[Dataset excerpts]
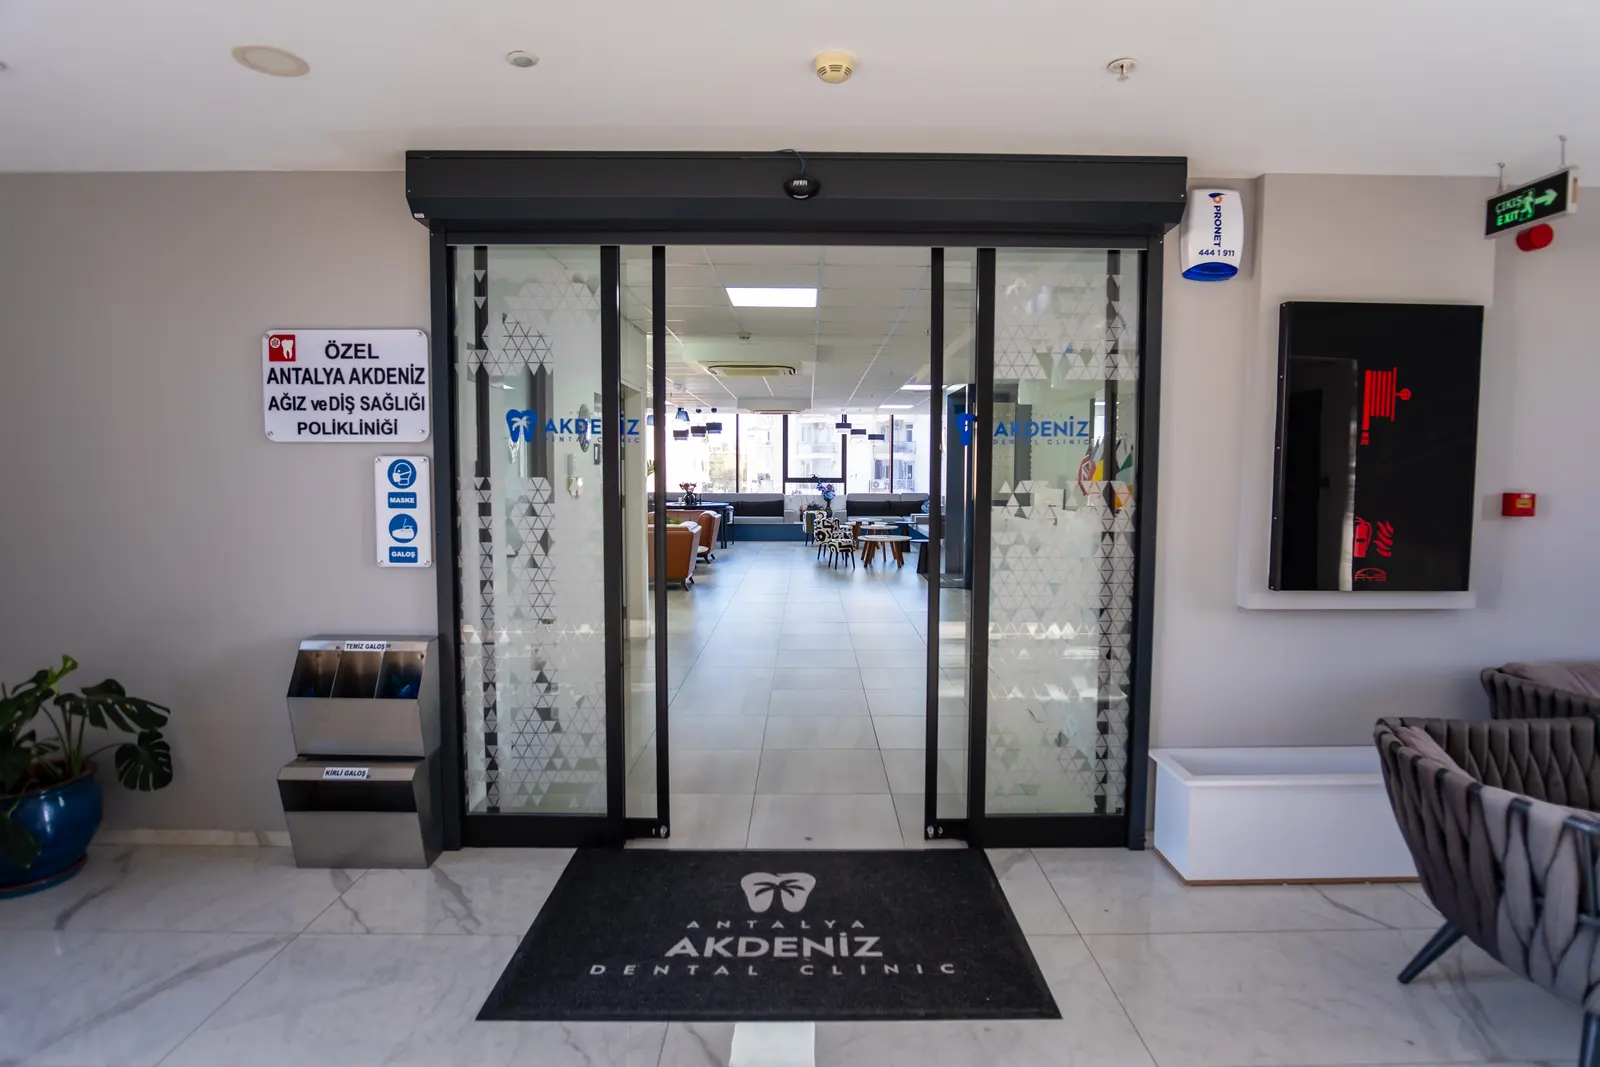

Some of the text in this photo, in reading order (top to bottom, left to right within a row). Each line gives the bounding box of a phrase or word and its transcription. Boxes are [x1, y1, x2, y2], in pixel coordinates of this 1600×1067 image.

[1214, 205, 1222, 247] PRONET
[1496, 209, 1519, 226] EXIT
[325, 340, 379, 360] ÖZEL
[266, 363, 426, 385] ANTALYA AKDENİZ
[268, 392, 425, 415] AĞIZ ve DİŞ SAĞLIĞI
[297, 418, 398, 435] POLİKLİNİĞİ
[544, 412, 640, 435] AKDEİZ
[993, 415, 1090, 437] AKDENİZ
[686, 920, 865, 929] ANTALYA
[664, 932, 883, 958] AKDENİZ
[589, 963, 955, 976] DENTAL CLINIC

**Instructions for the task**
Copy out all the data above exactly, pictures excluded.

**Answer to the exercise**
Some of the text in this photo, in reading order (top to bottom, left to right within a row). Each line gives the bounding box of a phrase or word and its transcription. Boxes are [x1, y1, x2, y2], in pixel coordinates of this 1600×1067 image.

[1214, 205, 1222, 247] PRONET
[1496, 209, 1519, 226] EXIT
[325, 340, 379, 360] ÖZEL
[266, 363, 426, 385] ANTALYA AKDENİZ
[268, 392, 425, 415] AĞIZ ve DİŞ SAĞLIĞI
[297, 418, 398, 435] POLİKLİNİĞİ
[544, 412, 640, 435] AKDEİZ
[993, 415, 1090, 437] AKDENİZ
[686, 920, 865, 929] ANTALYA
[664, 932, 883, 958] AKDENİZ
[589, 963, 955, 976] DENTAL CLINIC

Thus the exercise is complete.